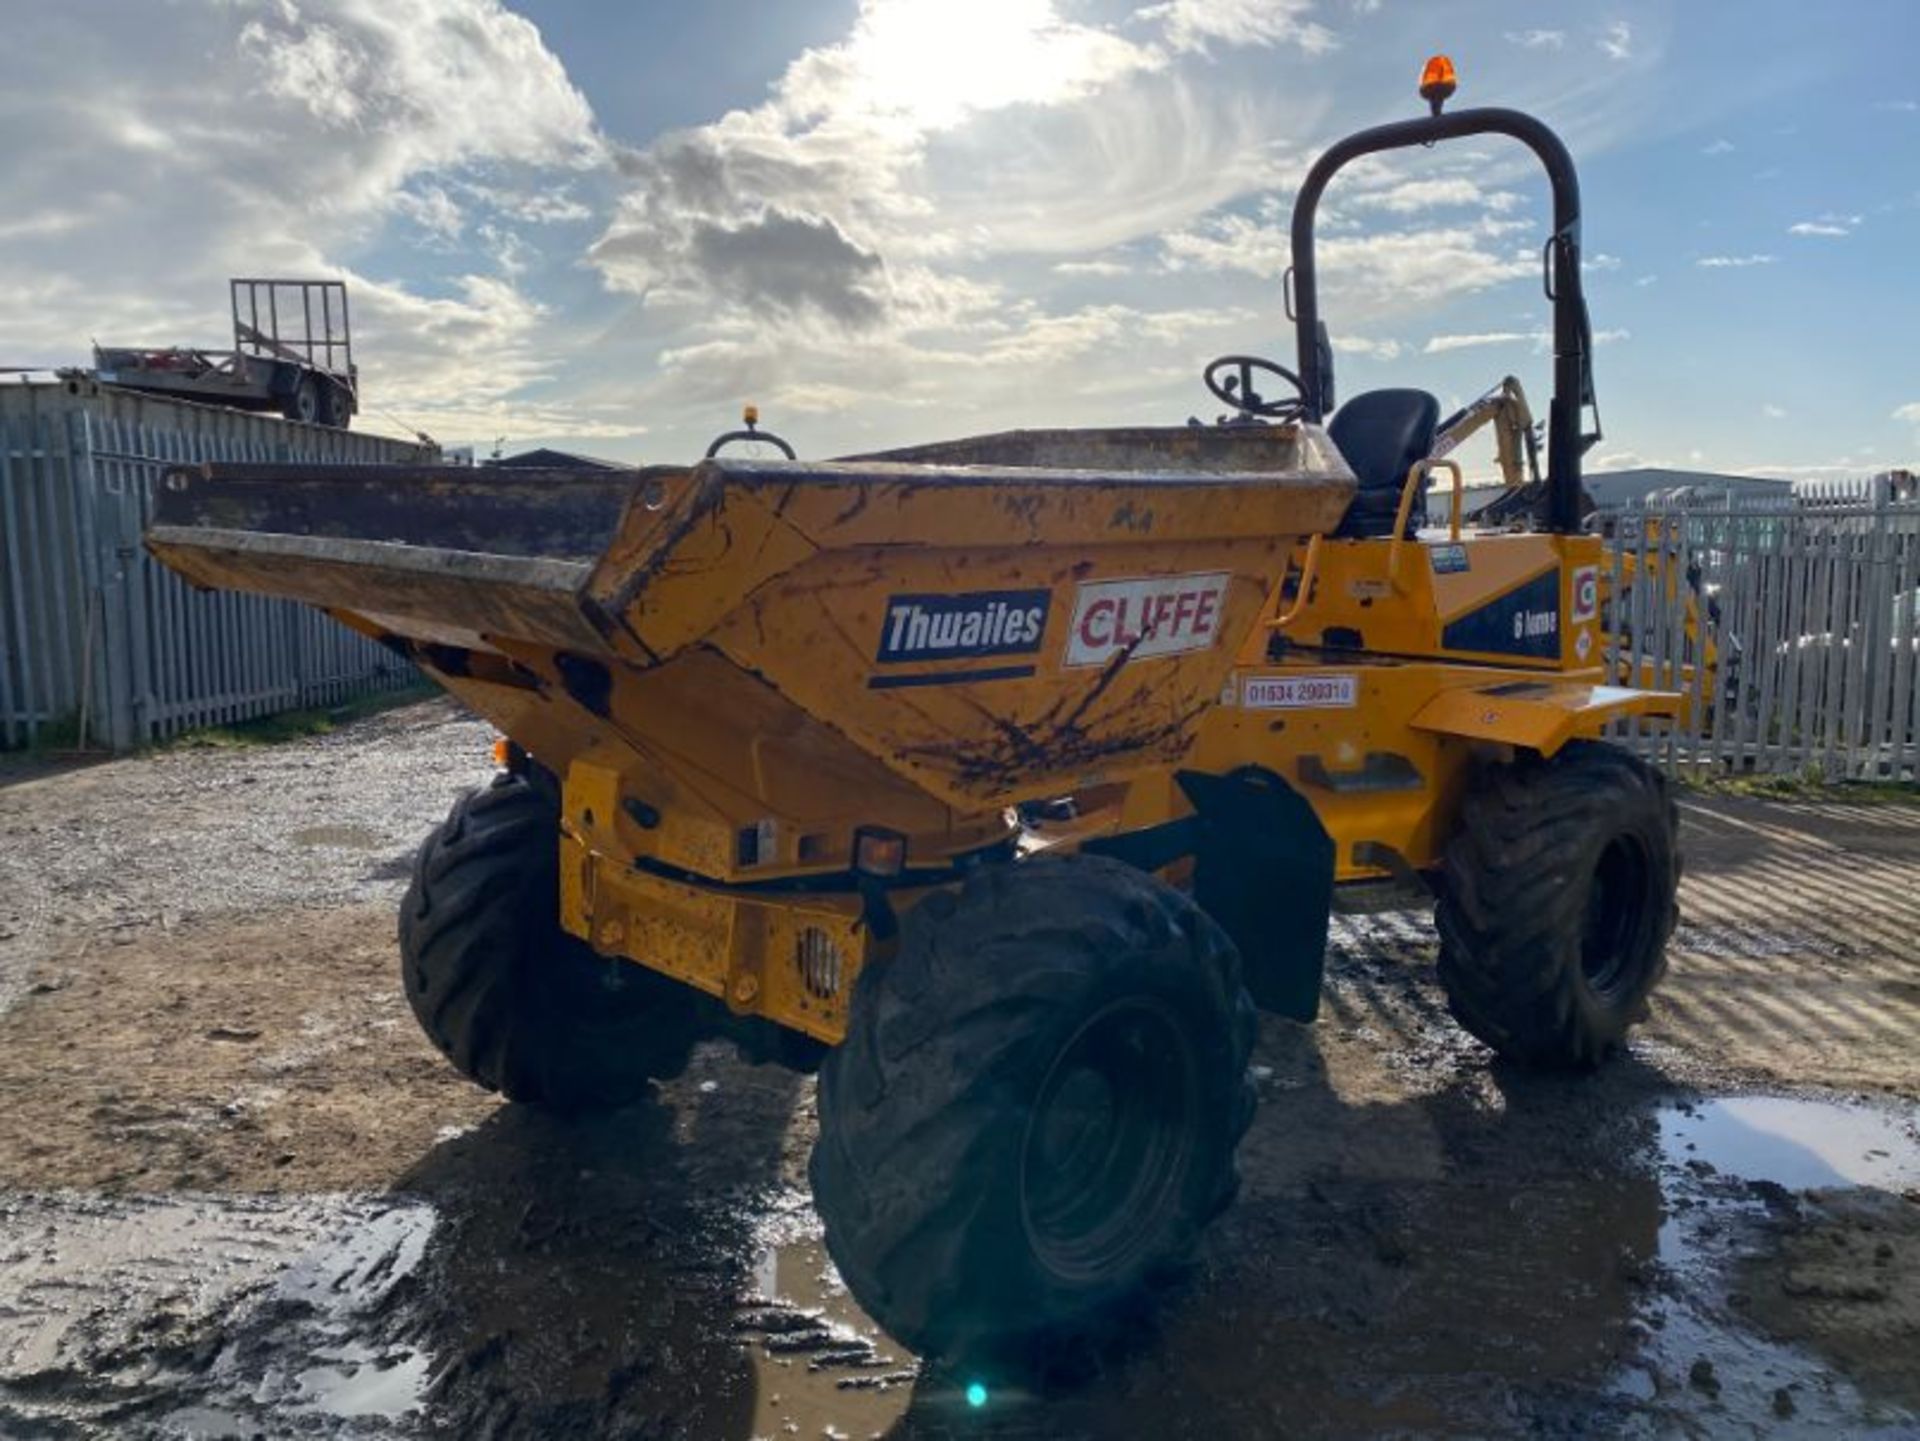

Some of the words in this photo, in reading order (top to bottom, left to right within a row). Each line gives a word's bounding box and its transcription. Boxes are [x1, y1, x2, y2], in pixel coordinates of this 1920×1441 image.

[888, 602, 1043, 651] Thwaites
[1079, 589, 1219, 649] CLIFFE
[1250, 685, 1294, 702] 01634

--

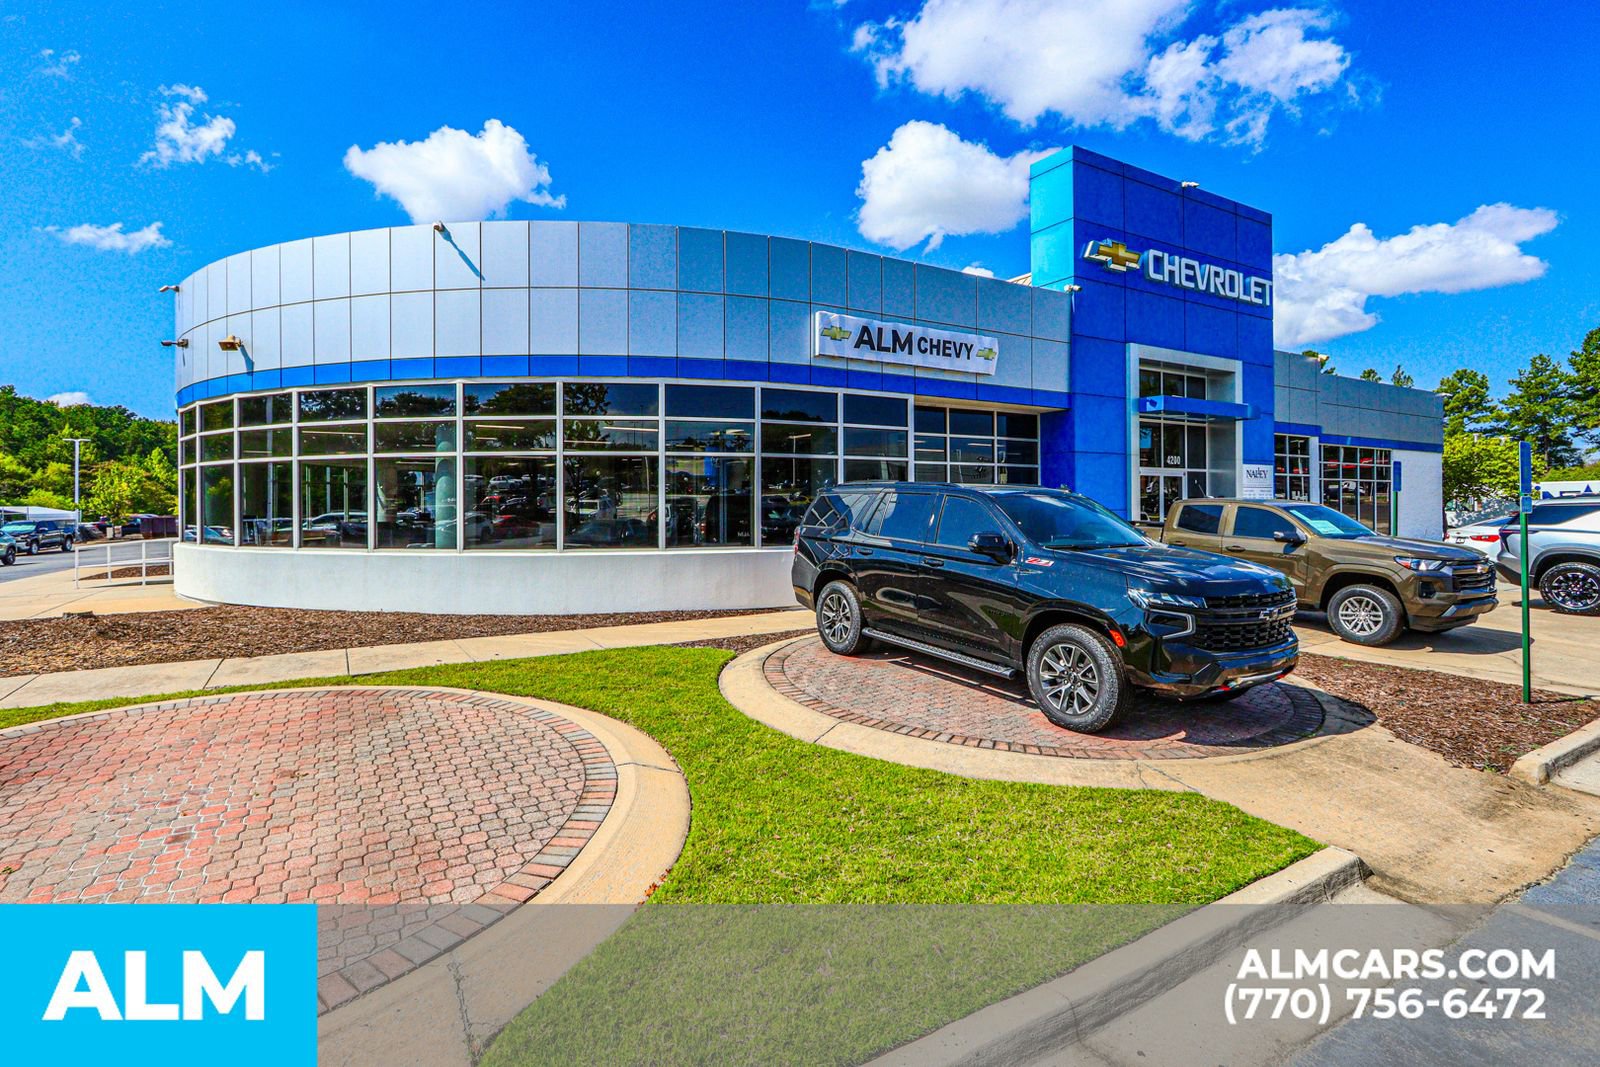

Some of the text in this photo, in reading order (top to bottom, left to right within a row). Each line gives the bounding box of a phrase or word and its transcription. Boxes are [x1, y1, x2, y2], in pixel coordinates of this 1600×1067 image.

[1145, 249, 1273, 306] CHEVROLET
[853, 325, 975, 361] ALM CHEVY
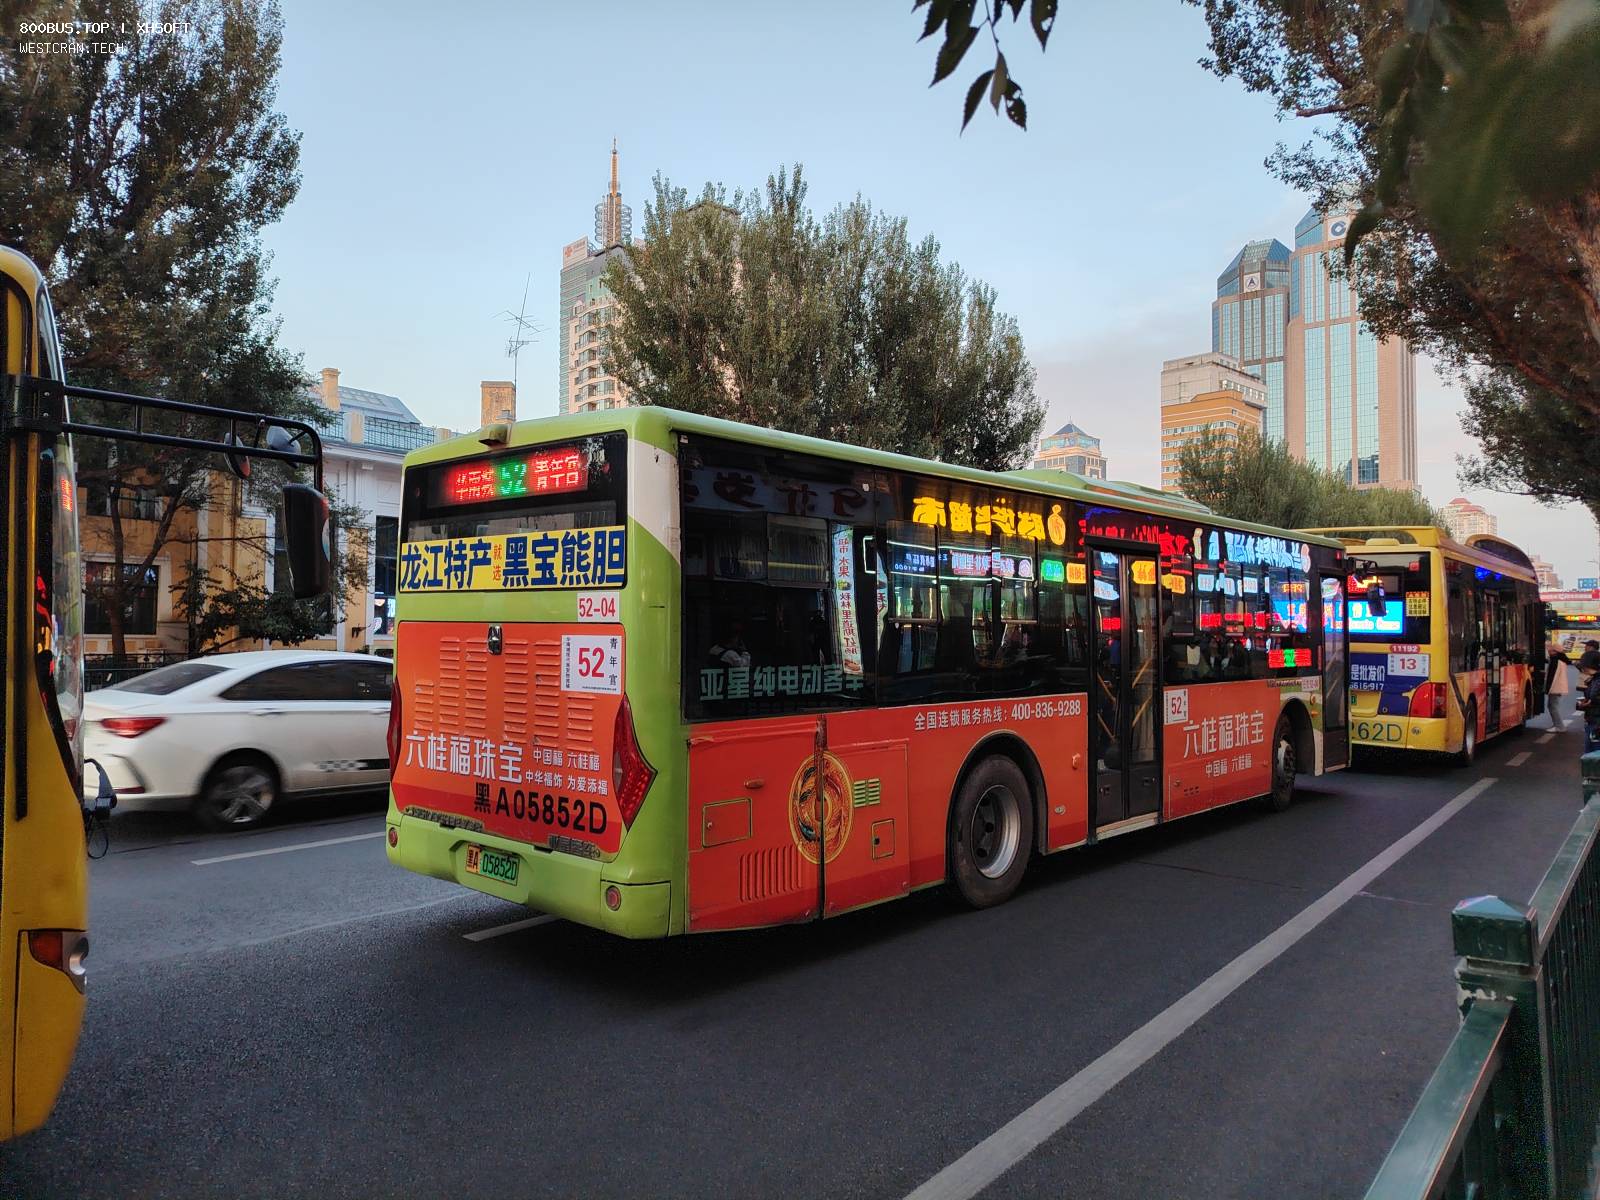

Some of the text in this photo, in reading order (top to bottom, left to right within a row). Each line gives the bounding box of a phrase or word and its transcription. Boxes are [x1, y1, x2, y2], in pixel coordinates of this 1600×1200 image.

==

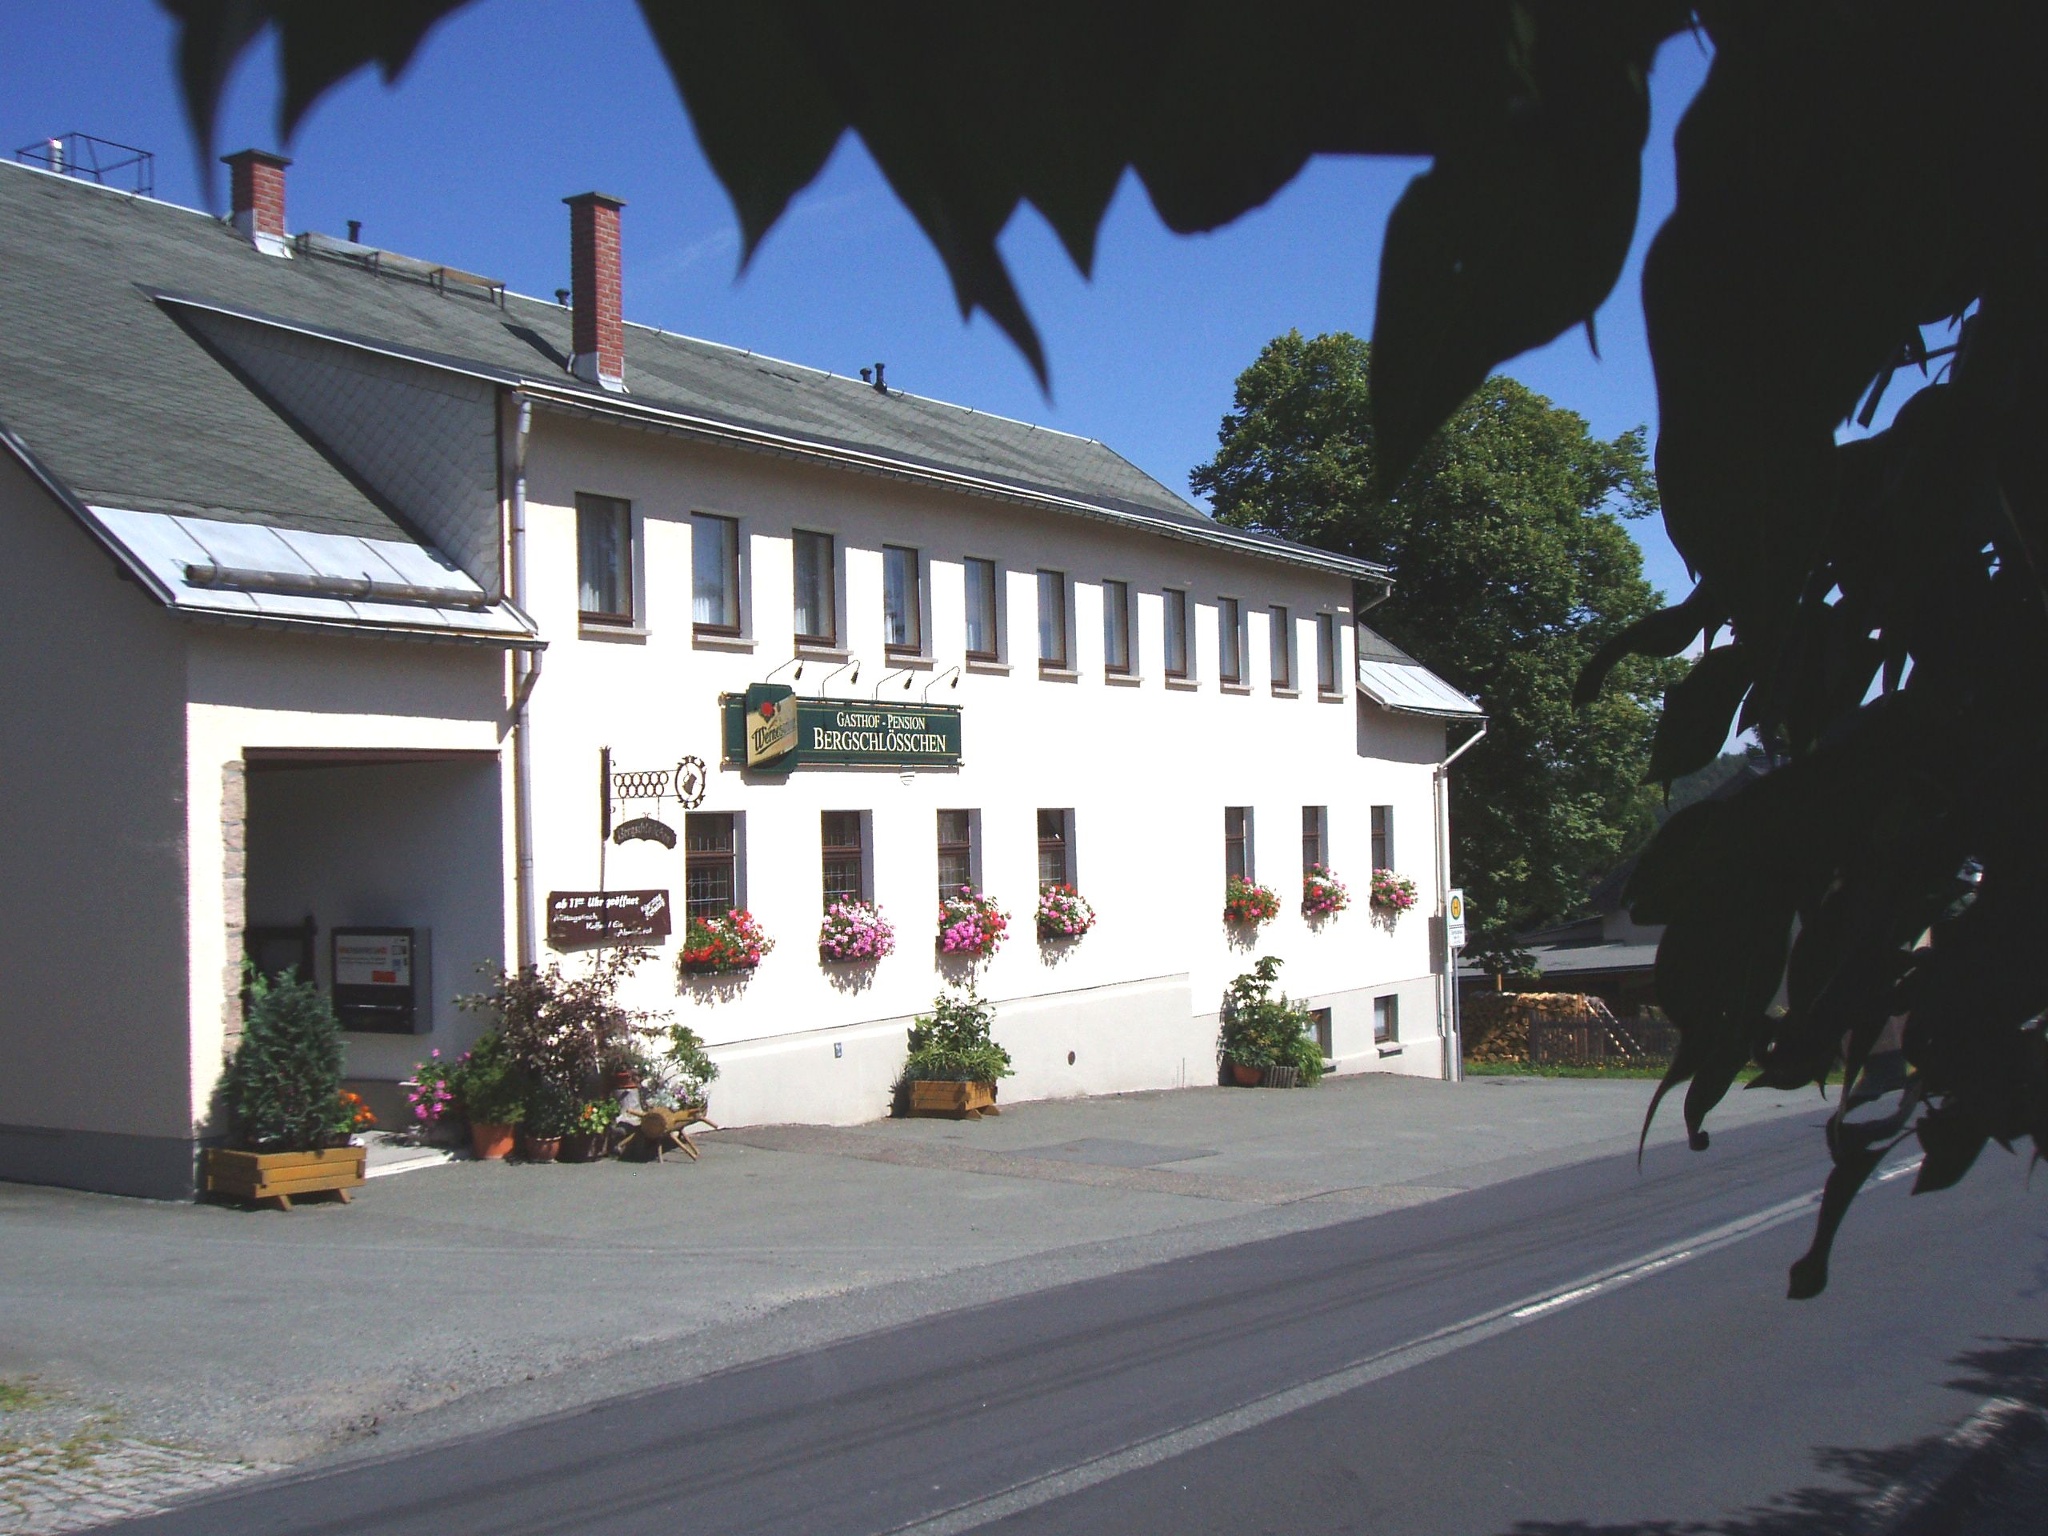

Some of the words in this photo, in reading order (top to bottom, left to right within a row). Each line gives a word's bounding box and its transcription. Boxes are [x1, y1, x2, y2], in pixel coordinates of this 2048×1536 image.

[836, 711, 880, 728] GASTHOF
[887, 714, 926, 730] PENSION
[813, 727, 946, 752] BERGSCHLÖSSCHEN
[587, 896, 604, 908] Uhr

Aim of the exercise:
Copy out exactly the material that runs from the line with "this 1600×1067 image." to the line with "this 1600×1200 image.", ends included, and leave the pictures behind.

Solution to the exercise:
Some of the text in this photo, in reading order (top to bottom, left to right within a row). Each line gives the bounding box of a phrase or word and its transcription. Boxes are [x1, y1, x2, y2], in pixel coordinates of this 1600×1067 image.

[1145, 249, 1273, 306] CHEVROLET
[853, 325, 975, 361] ALM CHEVY

Some of the text in this photo, in reading order (top to bottom, left to right within a row). Each line gives the bounding box of a phrase or word and its transcription. Boxes are [x1, y1, x2, y2], in pixel coordinates of this 1600×1200 image.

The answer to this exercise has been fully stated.